During the festive season, several new tax laws were passed quietly while all worried eyes were on Thailand's growing political uncertainty. The changes to the progressive rates for personal income tax, which offer lower tax brackets, have already been well publicised. However, the following developments are also worth studying:

The first legislation deals with tax-free corporate reorganisation, under Royal Decrees 573 and 574. The purpose is to resolve a longstanding issue related to how a financial institution and an insurance company should realise reserves for bad or doubtful debts when undertaking a corporate restructuring. While most companies are not allowed to deduct reserves as tax expenses, the tax law allows financial entities and life and non-life insurance companies to set aside reserves for bad or doubtful debts subject to certain conditions.

This may be viewed to give such businesses an advantage over general companies. However, when such an institution carried out a restructuring in the form of a statutory merger or an entire business transfer (EBT), where the transferor company was required to be dissolved within the accounting year that the EBT took place, the "recapture rule" under Section 74(2) of the Revenue Code came into play.

Basically, the old law required that if any reserves or portions of the transferor's profits had been carried forward from the previous accounting year, and no tax had been paid, they must be added back as taxable income in the last accounting period.

Royal Decrees 573 and 574, which went into effect from Dec 24, 2013, exempt the above-mentioned tax imposed on the recapture of such reserves in the hand of the transferor company. However, this is allowed on condition that the transferee company will not be allowed to deduct the same amount of such tax-exempted reserves as an expense. General companies do not require this tax privilege, as no recapture rule applies to them upon implementing a statutory merger or an EBT transaction.

Now let's take a look at Royal Decree No. 571, which was announced in the Royal Gazette on Dec 23 and went into effect retroactively, from Jan 1, 2012. This regulation exempts specific business tax (SBT) on interest that a company or a registered partnership receives from lending money to a "company or juristic partnership in the same group".

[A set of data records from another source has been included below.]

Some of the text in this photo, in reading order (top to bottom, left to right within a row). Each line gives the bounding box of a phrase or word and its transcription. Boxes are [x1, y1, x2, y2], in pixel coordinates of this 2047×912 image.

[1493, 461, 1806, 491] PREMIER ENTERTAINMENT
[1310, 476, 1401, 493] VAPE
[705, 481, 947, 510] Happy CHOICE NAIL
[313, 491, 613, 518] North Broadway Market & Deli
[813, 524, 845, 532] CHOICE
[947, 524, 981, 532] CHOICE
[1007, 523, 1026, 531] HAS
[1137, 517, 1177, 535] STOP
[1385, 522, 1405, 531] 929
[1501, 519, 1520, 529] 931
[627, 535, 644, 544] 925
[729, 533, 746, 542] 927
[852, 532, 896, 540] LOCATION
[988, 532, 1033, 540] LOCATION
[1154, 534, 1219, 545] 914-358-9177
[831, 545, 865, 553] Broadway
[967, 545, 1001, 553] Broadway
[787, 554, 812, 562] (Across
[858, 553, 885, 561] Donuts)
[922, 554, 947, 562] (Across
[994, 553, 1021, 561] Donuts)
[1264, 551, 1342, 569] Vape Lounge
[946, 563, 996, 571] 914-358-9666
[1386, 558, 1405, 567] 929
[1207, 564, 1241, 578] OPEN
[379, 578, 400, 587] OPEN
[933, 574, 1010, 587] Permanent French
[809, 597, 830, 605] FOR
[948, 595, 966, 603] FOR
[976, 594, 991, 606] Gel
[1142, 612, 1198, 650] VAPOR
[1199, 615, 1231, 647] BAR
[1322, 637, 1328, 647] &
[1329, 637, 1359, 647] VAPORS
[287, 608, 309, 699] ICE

Some of you may recall that this exemption has been given since the SBT regime was incorporated into the tax system by means of an instruction under Departmental Regulation No. Paw. 26/2534 (1991). It states that a company or a registered partnership may opt not to include the interest on a loan granted to the same group company or partnership in the tax base for SBT. However, though many taxpayers rely on this rule, it is in fact only an internal directive issued to provide Revenue Department officials with a guideline for interpretation. It does not constitute a law.

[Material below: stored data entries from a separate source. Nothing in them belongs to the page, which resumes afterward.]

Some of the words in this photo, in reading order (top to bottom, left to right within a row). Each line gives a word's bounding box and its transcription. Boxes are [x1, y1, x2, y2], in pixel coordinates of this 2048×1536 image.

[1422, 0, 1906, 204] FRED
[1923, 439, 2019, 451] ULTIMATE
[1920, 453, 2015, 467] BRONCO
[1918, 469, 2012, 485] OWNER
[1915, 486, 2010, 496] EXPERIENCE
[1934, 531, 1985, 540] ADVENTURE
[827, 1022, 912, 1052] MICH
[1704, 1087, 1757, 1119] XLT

This legislation also expands the term "company or juristic partnership in the same group", which originally was limited to "the situation where a company or juristic partnership holds at least 25% of the stake with voting rights in the other for at least 6 months before entering into the loan", to cover a surviving company from a corporate reorganisation. In effect, this means a new company established from a statutory merger and the transferee company in an EBT transaction, for the purpose of counting such a 25% stakeholding period continuously from the merged entity or from the transferor company.

Royal Decree No. 571 also exempts SBT on interest at the normal rate that a company or a registered partnership receives from money deposited with a financial institution, or from bills of exchange (B/E) issued by the financial institution. Unlike the old regulation, Royal Decree No. 571 does not limit that such deposits or B/E holdings must be done by "capital, loan or other remaining cash".

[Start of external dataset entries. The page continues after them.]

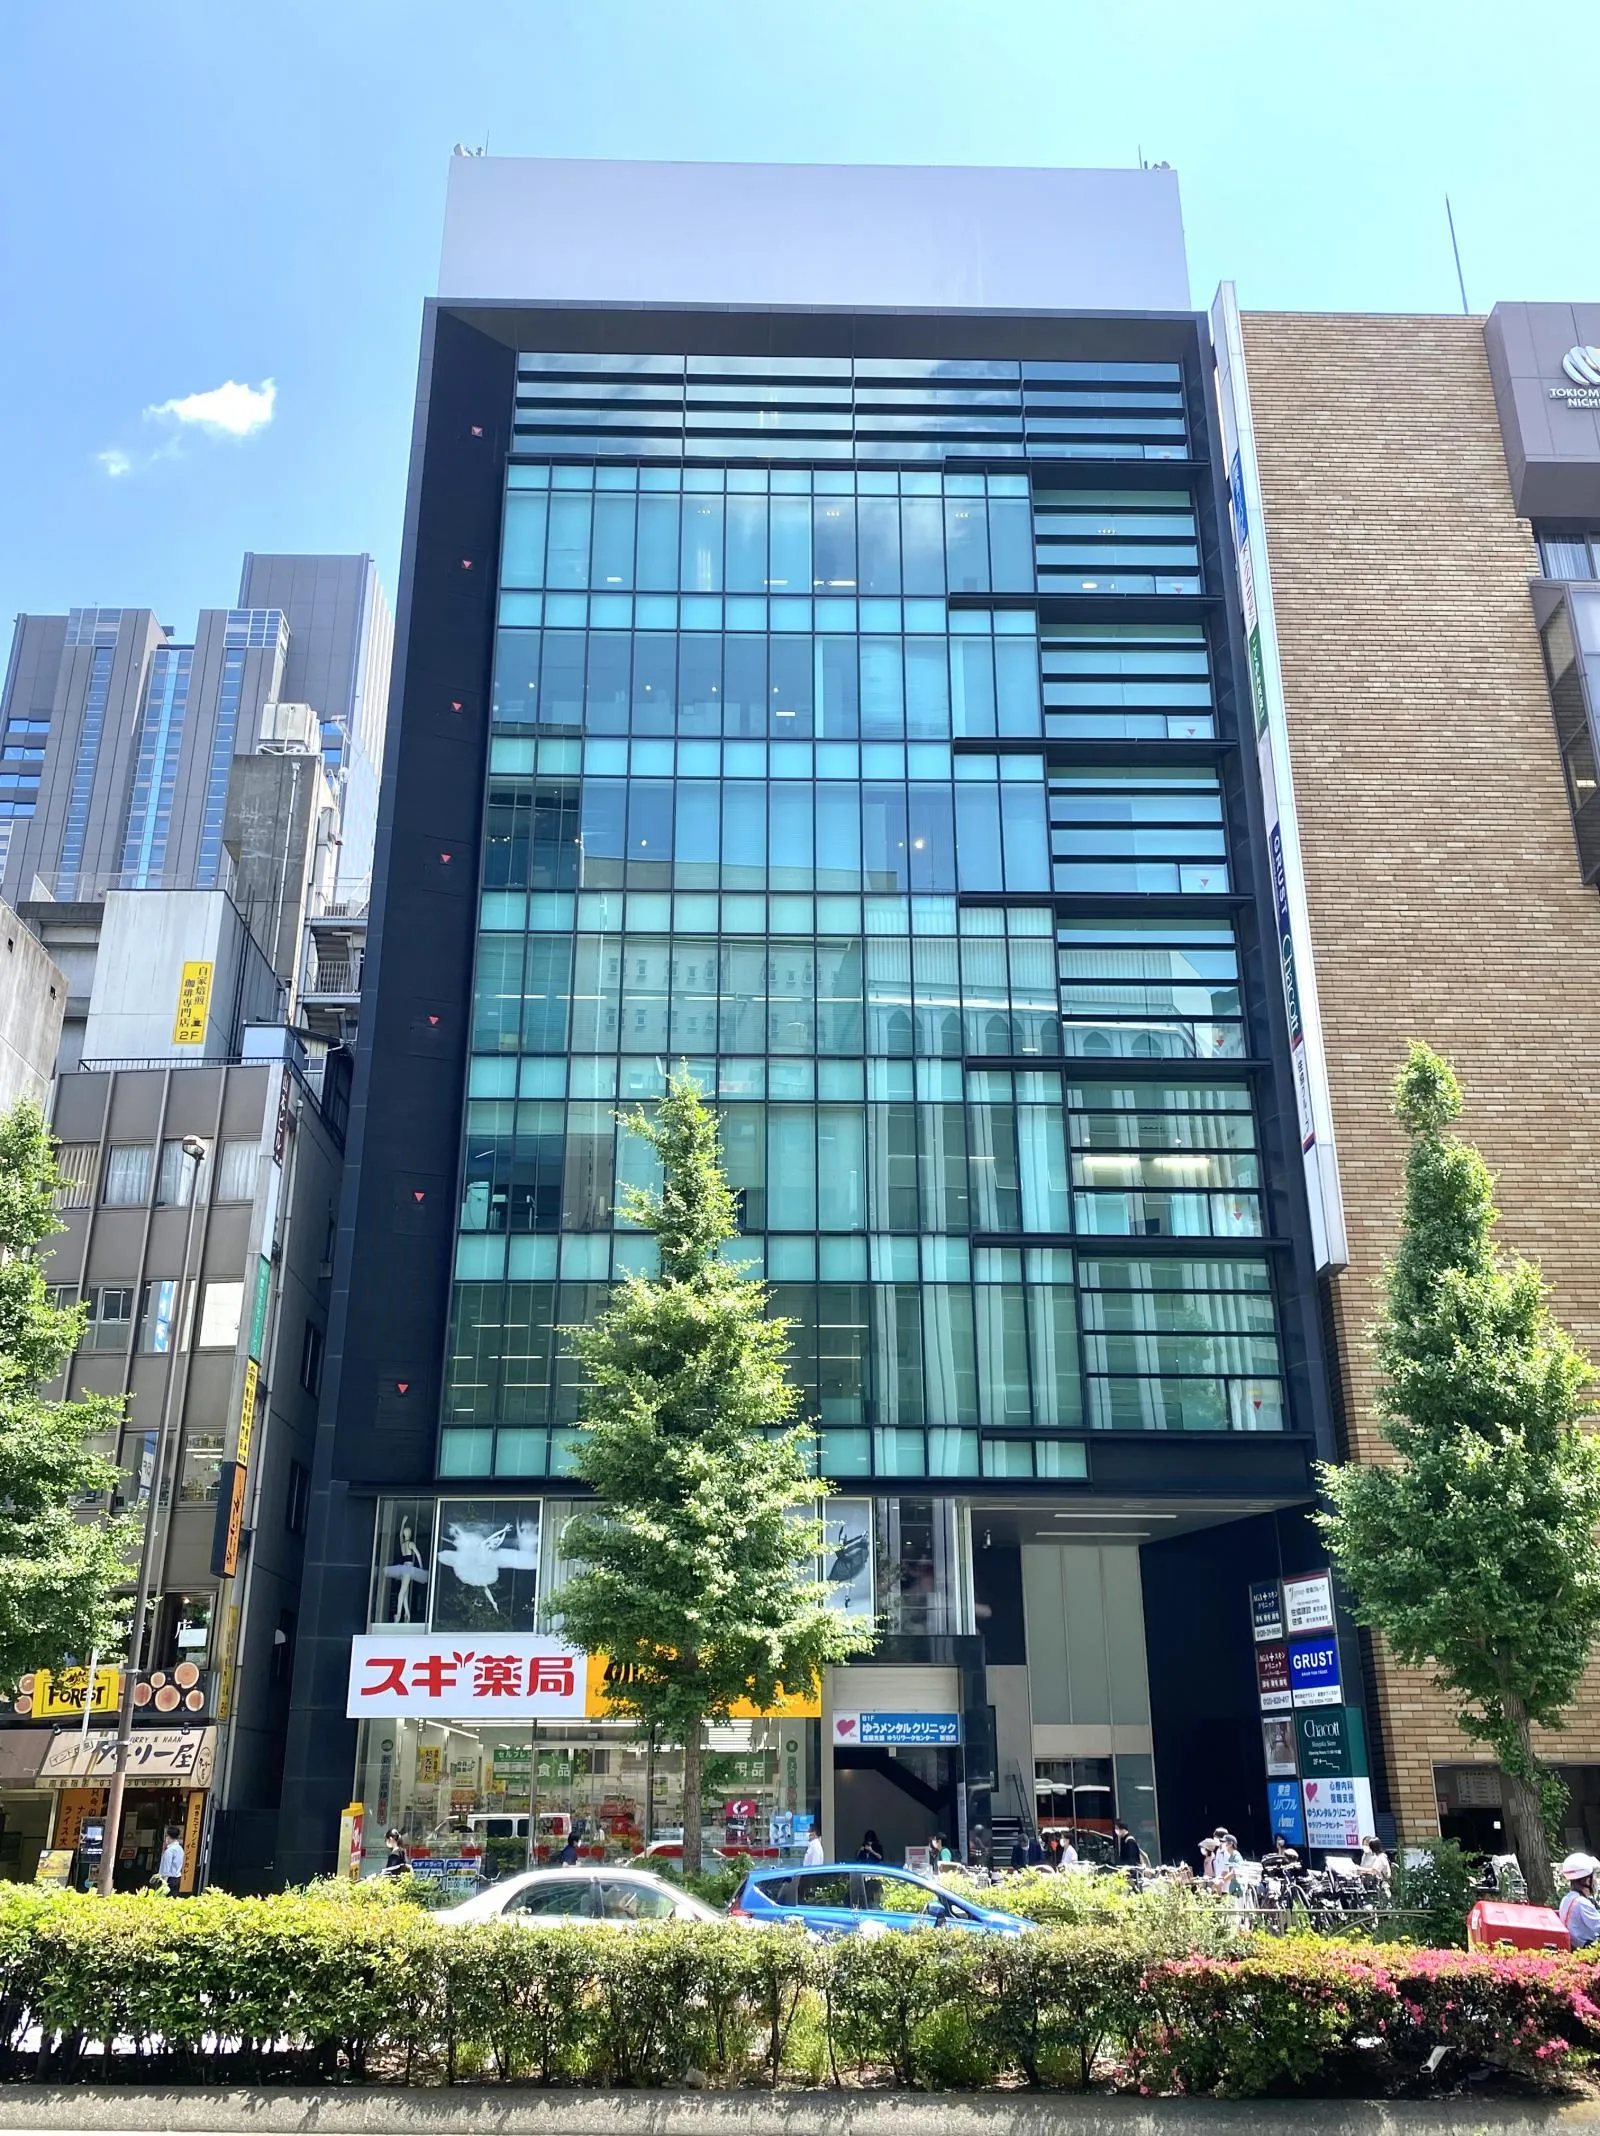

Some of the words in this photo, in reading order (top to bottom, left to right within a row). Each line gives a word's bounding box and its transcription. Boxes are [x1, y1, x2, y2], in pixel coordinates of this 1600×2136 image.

[1549, 388, 1587, 397] TOKIO
[1273, 834, 1288, 915] GRUST
[1282, 934, 1299, 1036] Chacott
[179, 1031, 199, 1040] 2F
[1293, 1651, 1333, 1669] GRUST
[360, 1651, 574, 1697] スギ薬局
[862, 1722, 956, 1734] ゆうメンタルクリニック
[1304, 1720, 1340, 1738] Chacott
[129, 1736, 149, 1744] URRY
[537, 1763, 571, 1777] 食品
[1307, 1808, 1356, 1818] ゆうメンタルクリニック

Note that Royal Decree No. 571 does not adopt the condition under the old regulation that the SBT exemptions will not apply to financial institutions. This may raise some issues in the financial industry as to whether they should be entitled to the benefits granted under the new law as well.

However, as the objective of this legislation is to release companies from the SBT burden only where their activities are "similar to commercial banking", we assume at this stage that a commercial bank, securities company, finance company and life insurance company may not be eligible for the tax privilege as they are carrying on a financial business directly .

This new regulation also exempts SBT for the company that receives interest earned from lending money from the employees' funds to the member employees.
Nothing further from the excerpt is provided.